Em Nota Informativa nº 01/2019, emitida pela Subsecretaria Estadual de Vigilância em Saúde/Secretaria de Estado de Saúde, após análise de amostras realizada pelo Laboratório Central de Saúde Pública Noel Nutels (LACEN/RJ), foi verificado que o resultado foi negativo para a bactéria Yersinis pestis em paciente de São Gonçalo, descartando a suspeita de peste bubônica.

De acordo com o Ministério da Saúde, o último caso da doença no país foi registrado em 2005, no Ceará. No Brasil, como consta no site do Ministério da Saúde, a bactéria Yersinis pestis, causadora da peste bubônica, é restrita a algumas áreas naturais em regiões serranas e de planaltos, principalmente na região Nordeste.

No Nordeste, as regiões naturais estão no Polígono da Seca, distribuídas por vários estados do Nordeste (Ceará, Rio Grande do Norte, Paraíba, Pernambuco, Alagoas, Bahia e Piauí). Na região Sudeste (sob influência da região do Polígono da Seca), elas estão no nordeste de Minas Gerais (Vale do Jequitinhonha) e, fora do Polígono, na região do Vale do Rio Doce e adstrita a uma pequena área da Serra dos Órgãos, nos limites dos municípios de Nova Friburgo, Sumidouro e Teresópolis-RJ.

A peste bubônica é uma zoonose infecciosa aguda de notificação obigatória em até 24 horas.
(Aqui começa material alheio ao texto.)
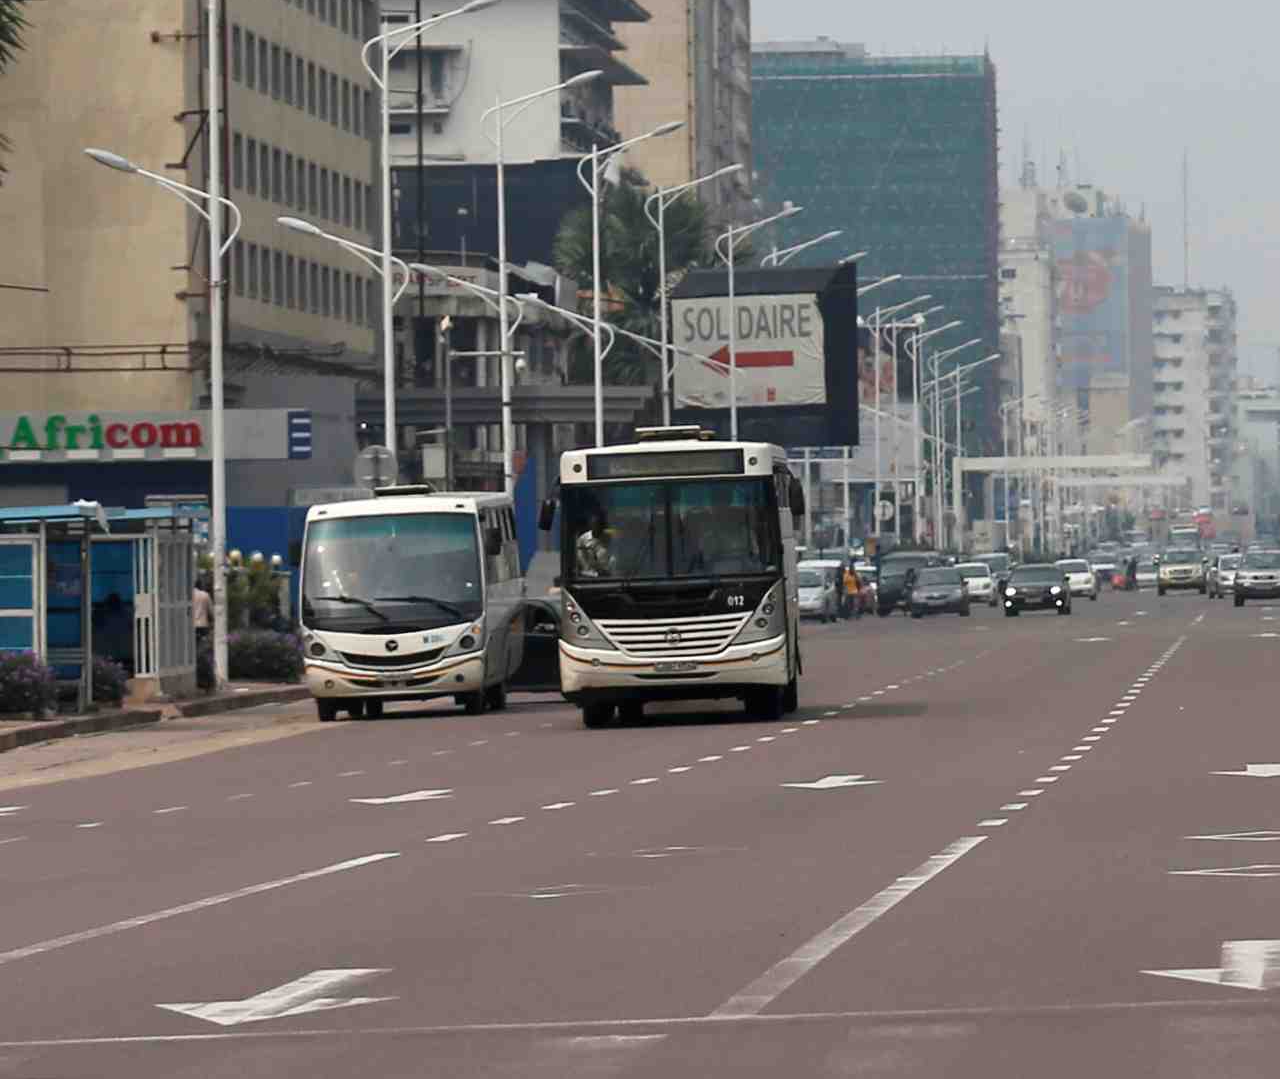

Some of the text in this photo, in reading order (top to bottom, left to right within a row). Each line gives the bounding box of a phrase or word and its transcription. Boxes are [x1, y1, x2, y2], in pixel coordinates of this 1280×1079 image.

As pulgas são os vetores biológicos da doença, sendo os roedores os hospedeiros preferenciais. A transmissão é feita por picaduras de pulgas infectadas presentes em roedores urbanos e silvestres, em especial os ratos e, em determinadas condições, pode infectar outros mamíferos, inclusive o homem. O tratamento é feito com o uso de antibióticos injetáveis ou orais, por um período de 10 a 14 dias.

Cabe ainda informar que, em Teresópolis, a Secretaria Municipal de Saúde, através do Setor de Zoonoses, realiza periodicamente o controle de roedores urbanos nas áreas públicas.